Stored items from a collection
════════════════════

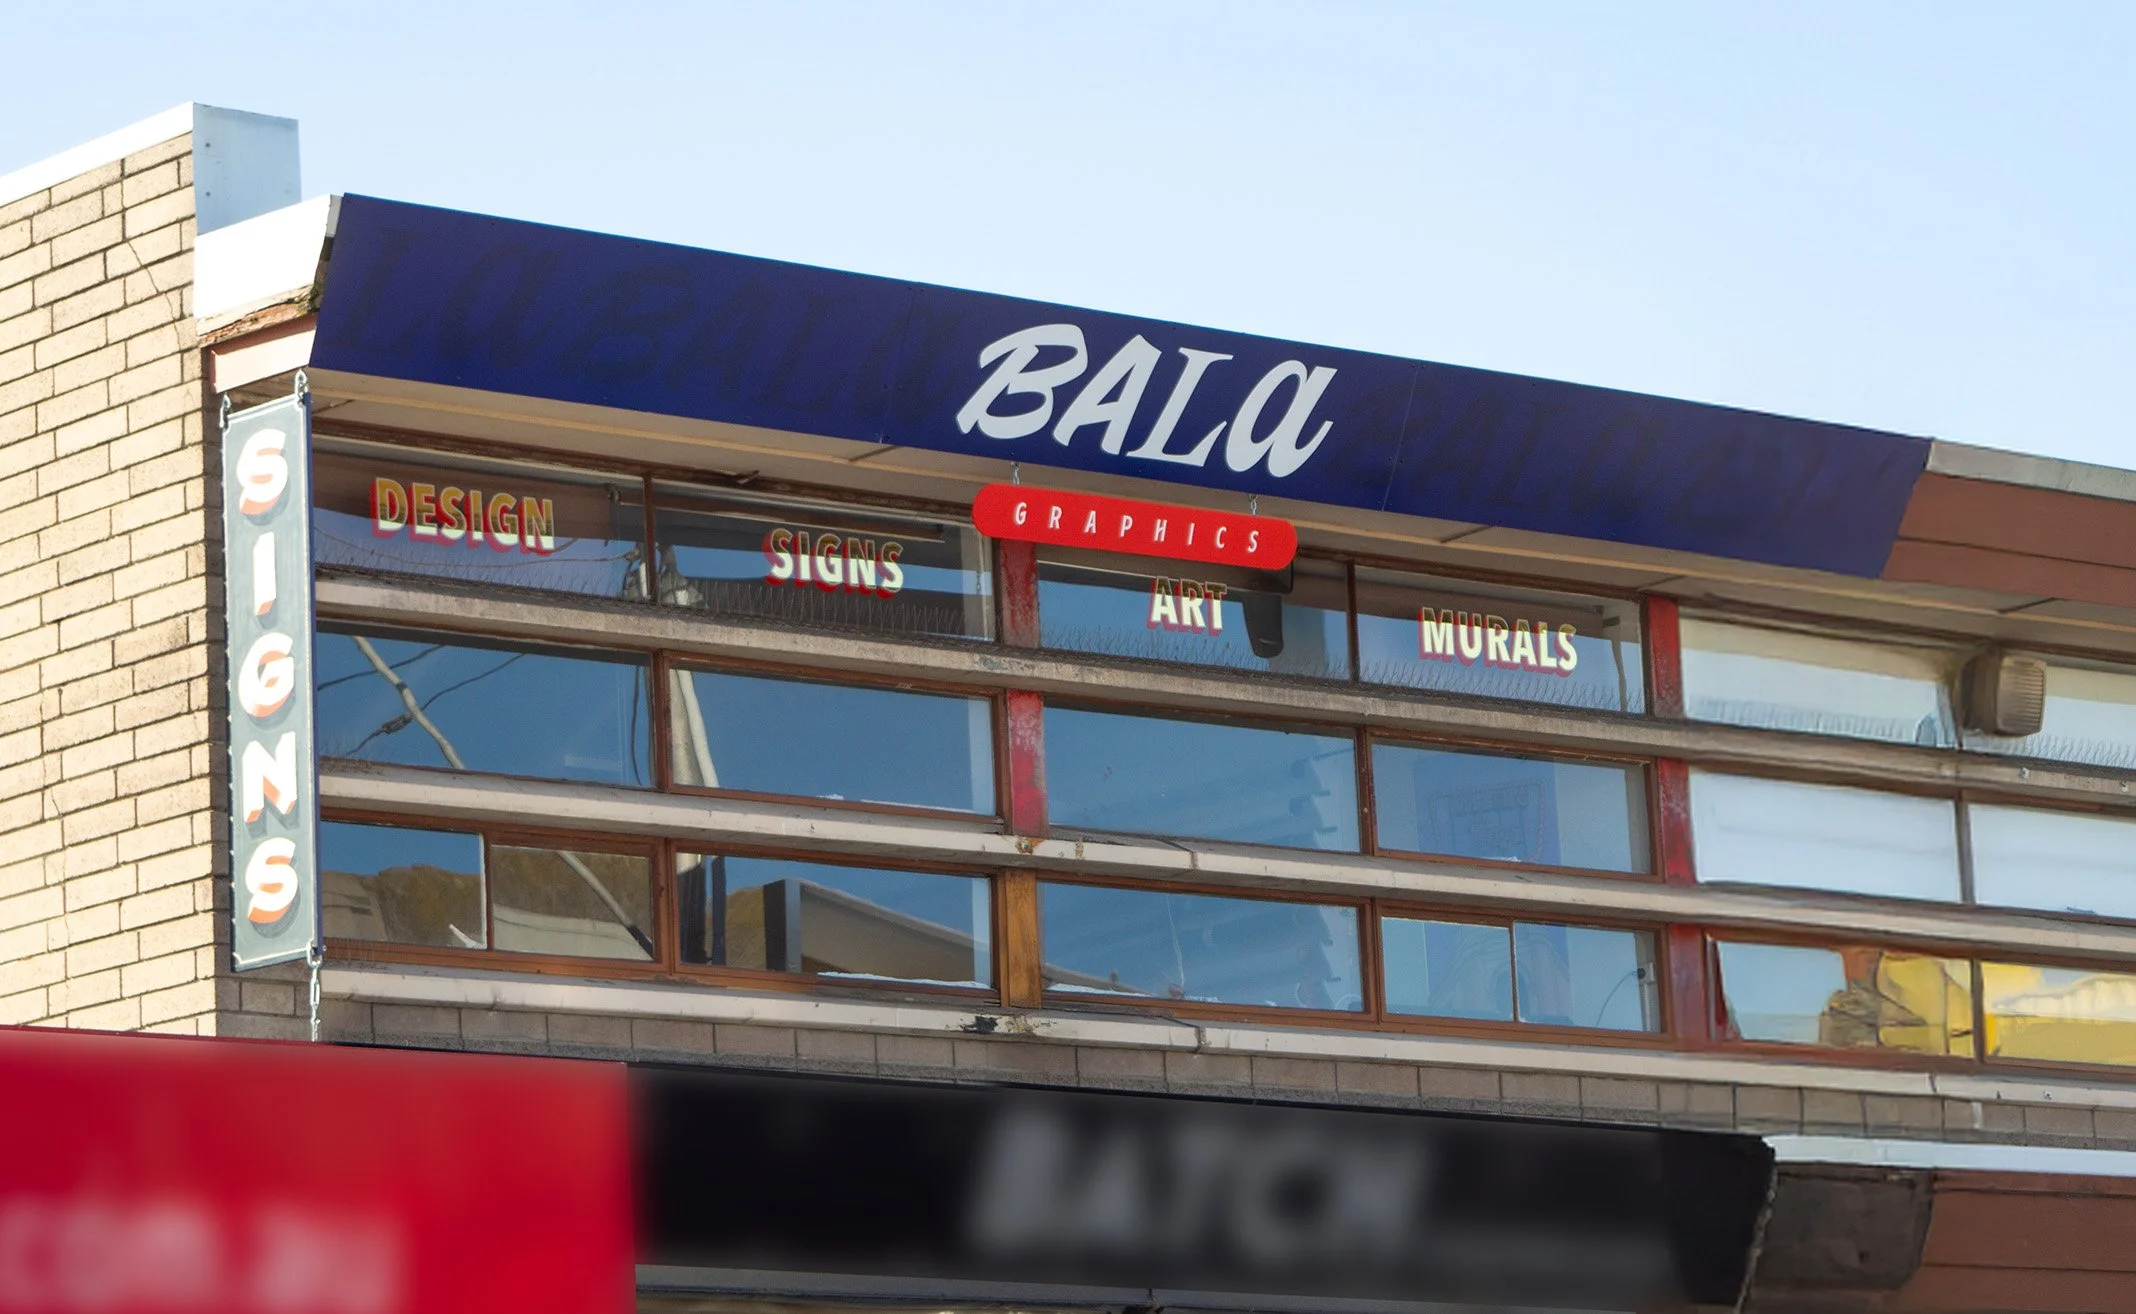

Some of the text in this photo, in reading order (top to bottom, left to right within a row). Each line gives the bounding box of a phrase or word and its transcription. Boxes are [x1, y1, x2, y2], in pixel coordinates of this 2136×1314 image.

[370, 477, 556, 556] DESIGN
[1013, 501, 1260, 553] GRAPHICS
[763, 528, 904, 598] SIGNS
[1147, 575, 1228, 636] ART
[1418, 606, 1578, 676] MURALS
[235, 428, 299, 927] SIGNS

════════════════════

Your goal: The records above should be repeated exactly, with every picture omitted.

The answer:
Some of the text in this photo, in reading order (top to bottom, left to right within a row). Each line gives the bounding box of a phrase or word and its transcription. Boxes are [x1, y1, x2, y2], in pixel coordinates of this 2136×1314 image.

[370, 477, 556, 556] DESIGN
[1013, 501, 1260, 553] GRAPHICS
[763, 528, 904, 598] SIGNS
[1147, 575, 1228, 636] ART
[1418, 606, 1578, 676] MURALS
[235, 428, 299, 927] SIGNS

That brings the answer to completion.